I was living in Central NJ and teaching a computer class that day in Northern NJ. I was listening to NPR (WNYC) on the way to class. At 8:47 the host announced that a “small plane” had crashed into the WTC. Seconds later there was only static. WNYC’s transmitter was on the roof of WTC1. As I continued to class, more news rolled in.
I arrived a couple of minutes late. My students were already there and of course were watching events unfold on the internet. At 9:03 the second plane hit. One student turned to another and said “how much are we in for?”. They were all from the insurance company that insured the towers. The company would later fight the owners in court.
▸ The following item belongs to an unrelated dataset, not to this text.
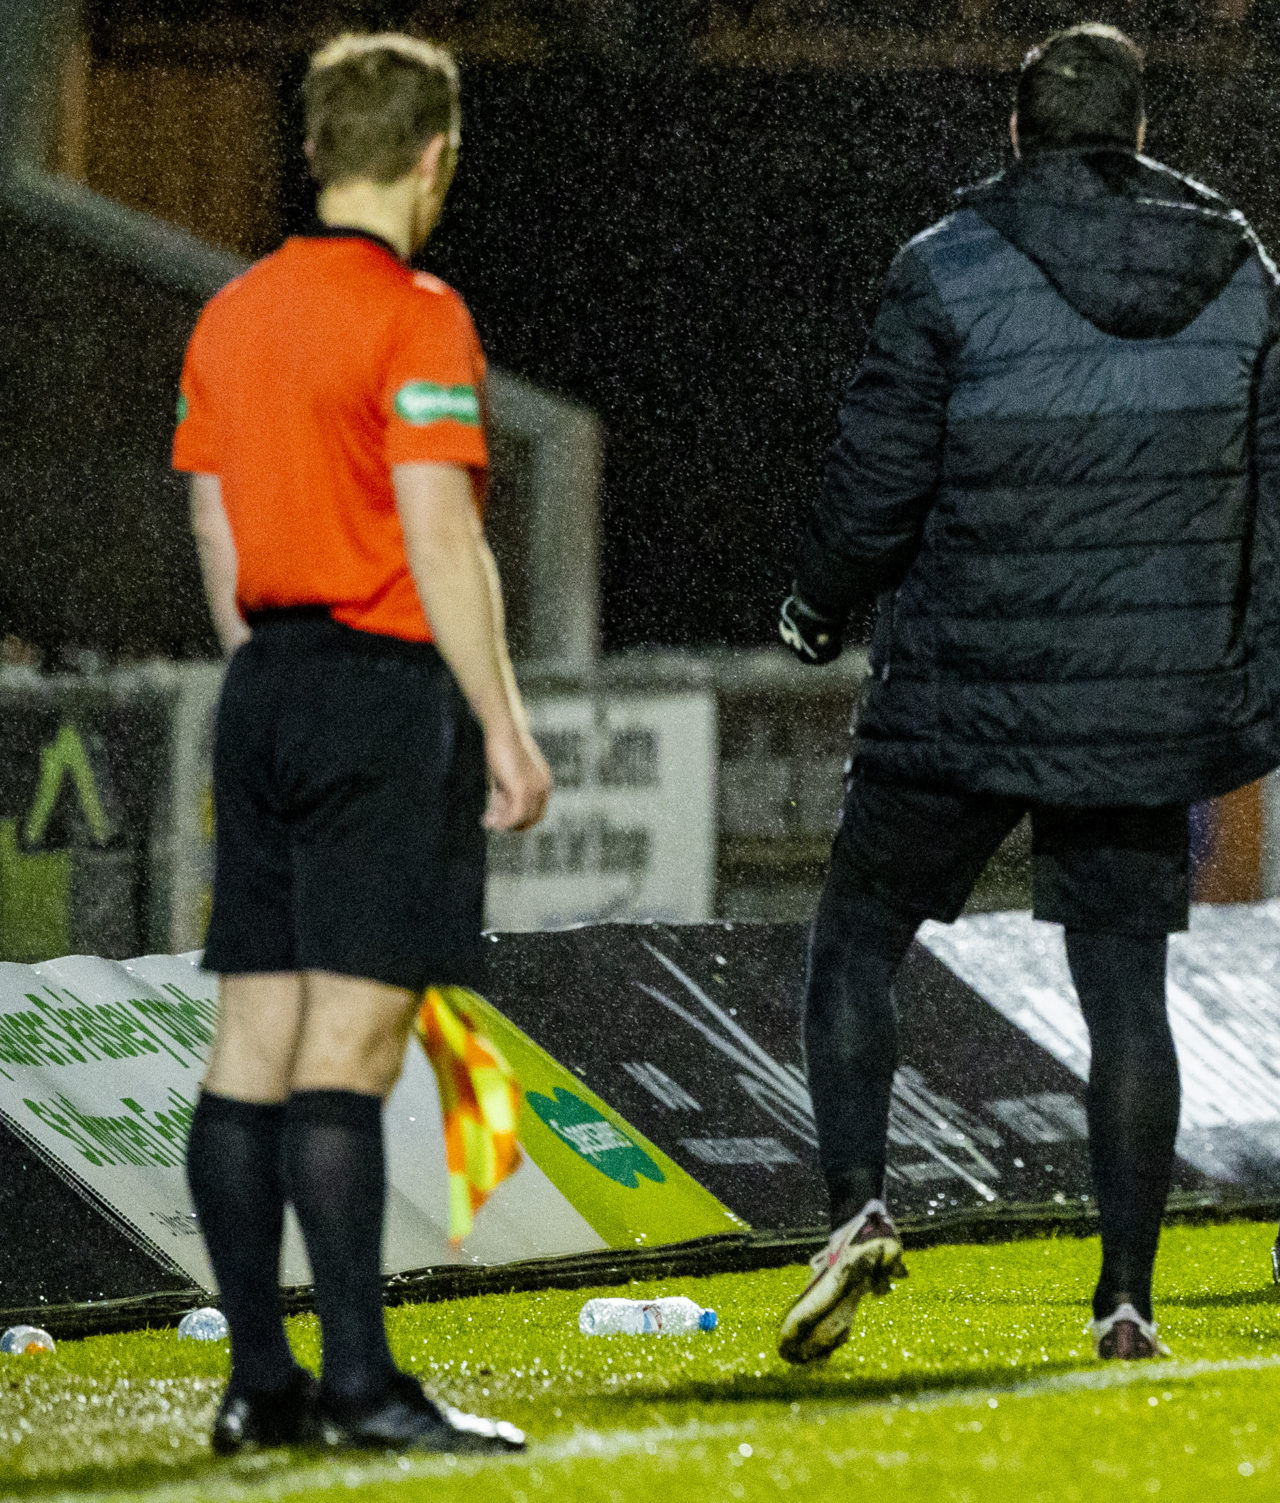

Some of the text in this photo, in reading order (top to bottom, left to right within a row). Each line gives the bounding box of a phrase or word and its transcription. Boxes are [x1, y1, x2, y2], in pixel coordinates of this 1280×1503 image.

[24, 984, 190, 1069] Paisley
[23, 1086, 198, 1168] St Mirren Foot
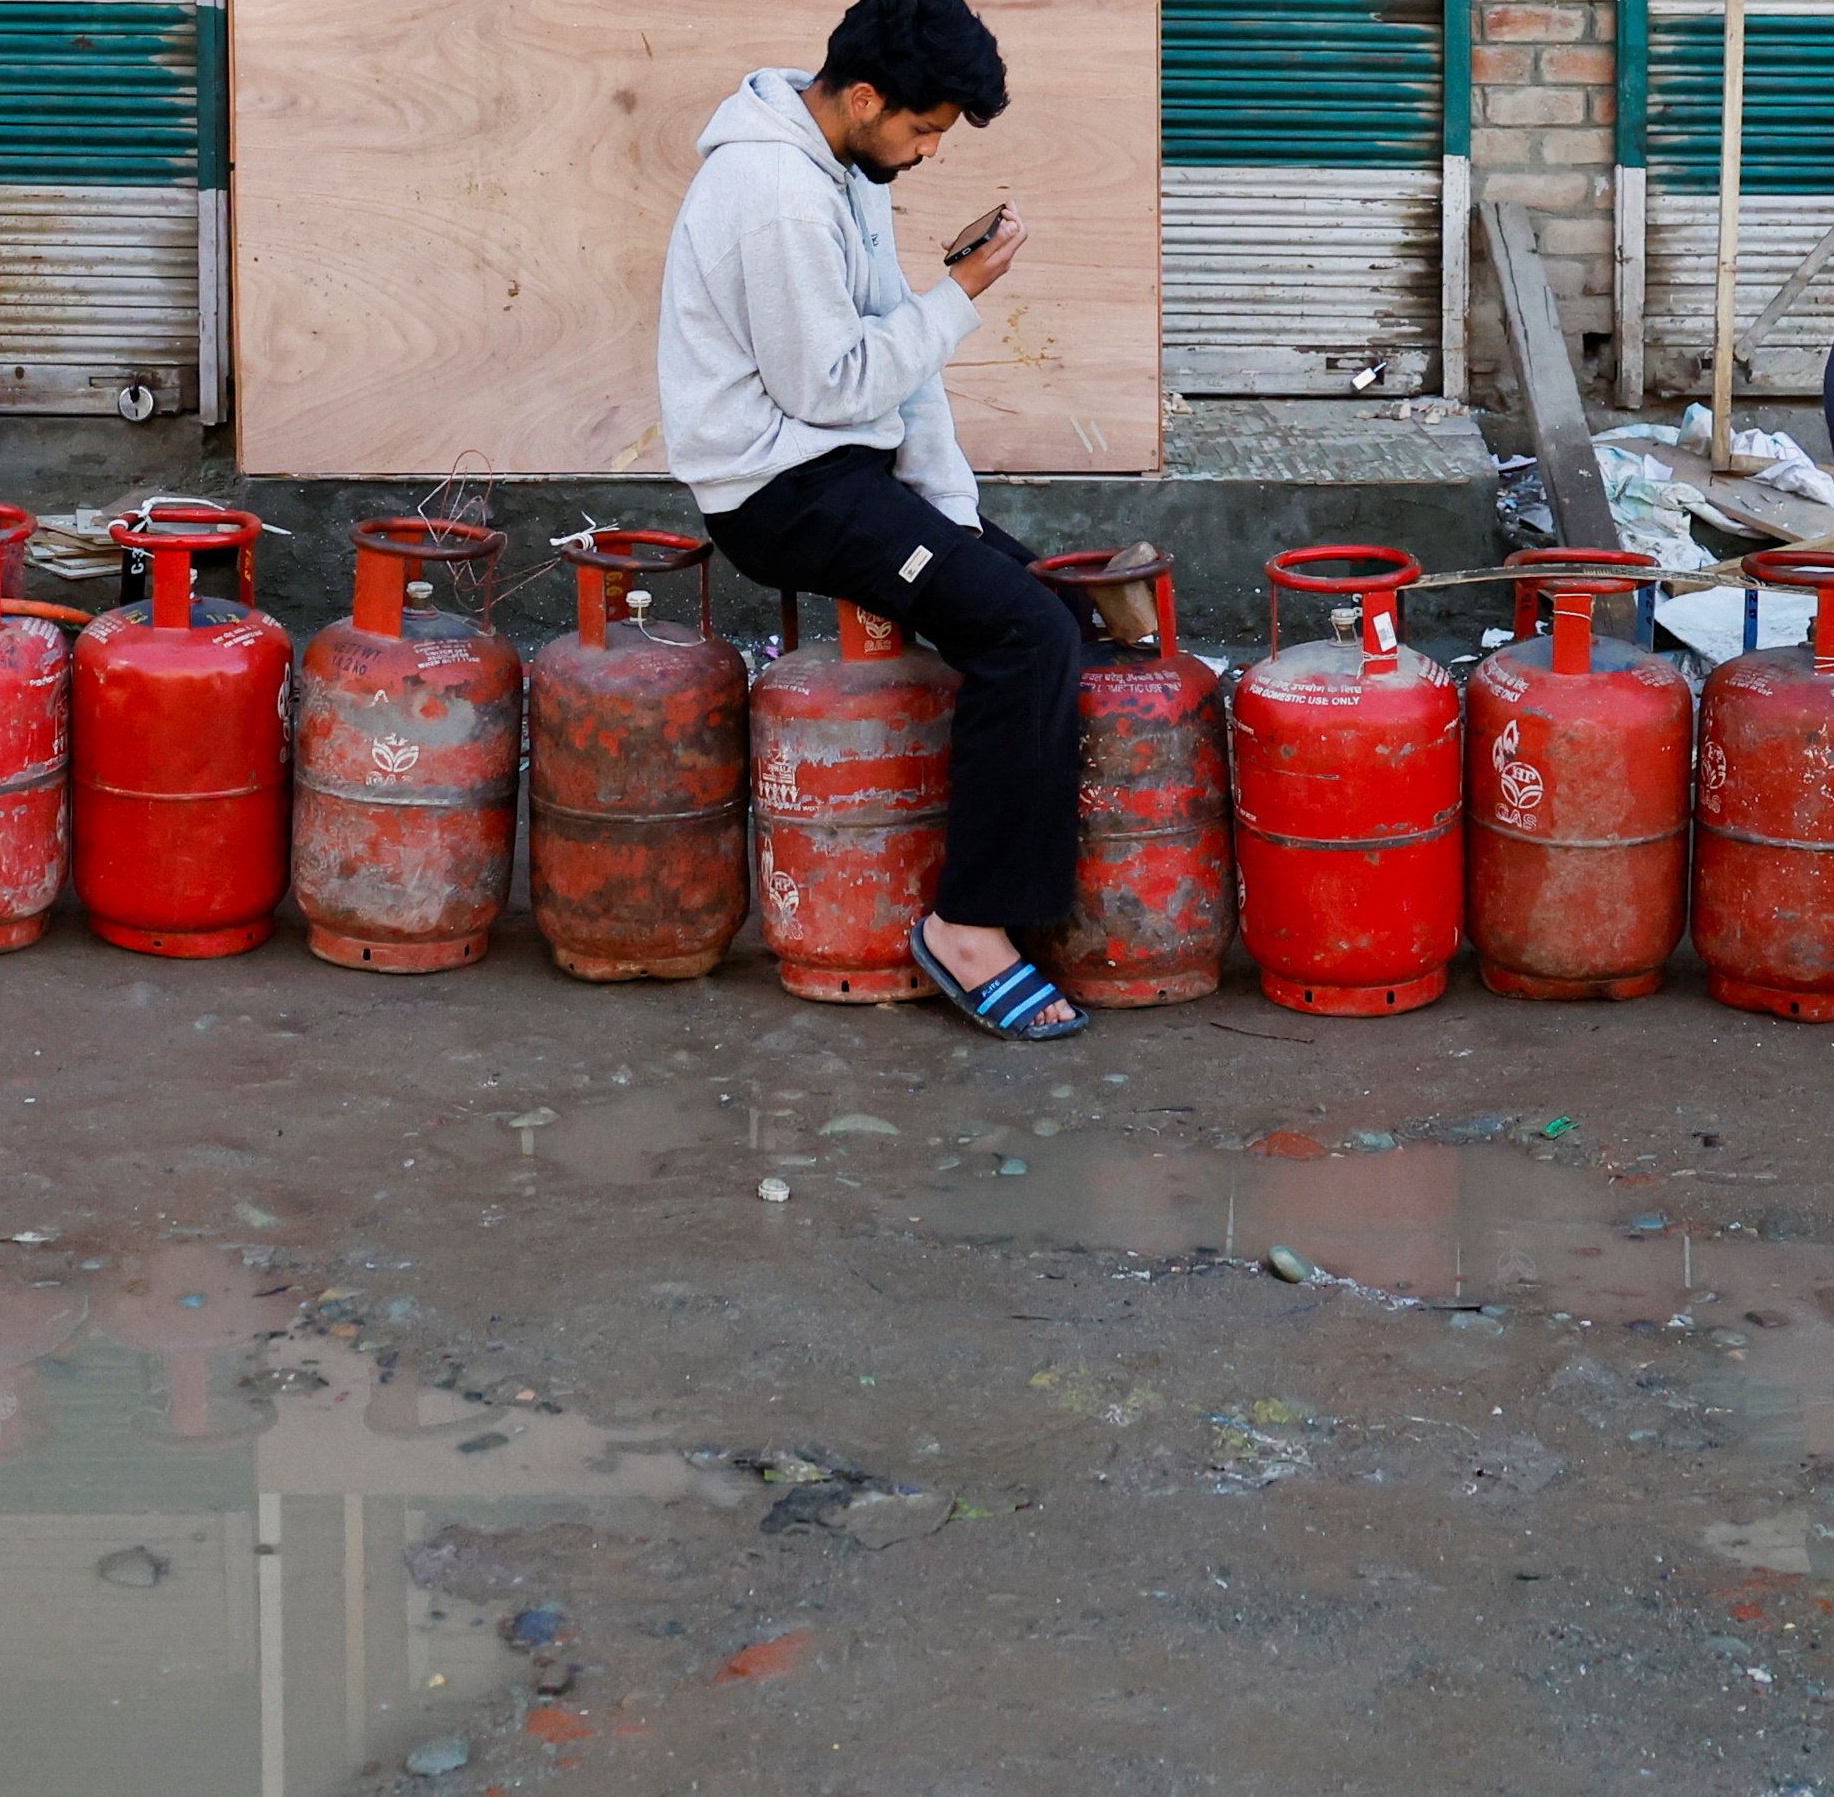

I tried to teach the class, but I and the students were too distracted. At around 10 I called the class off and sent them home. One student objected, not understanding what the big deal was. A week later, the training company that hired me asked me to teach the class over. For free. I declined and never worked for them again.
On my way home, I knew when I crested a certain hill the top quarter of the towers should be visible. Gone. Nothing but smoke.
My running route in NJ took me along the waterfront with a view of the towers. A week later I could still see, and smell. Just before 9/11 I had fallen from my bike and had stitches in my lip. To my embarrassment, everyone I passed running assumed I was a survivor and nodded gravely.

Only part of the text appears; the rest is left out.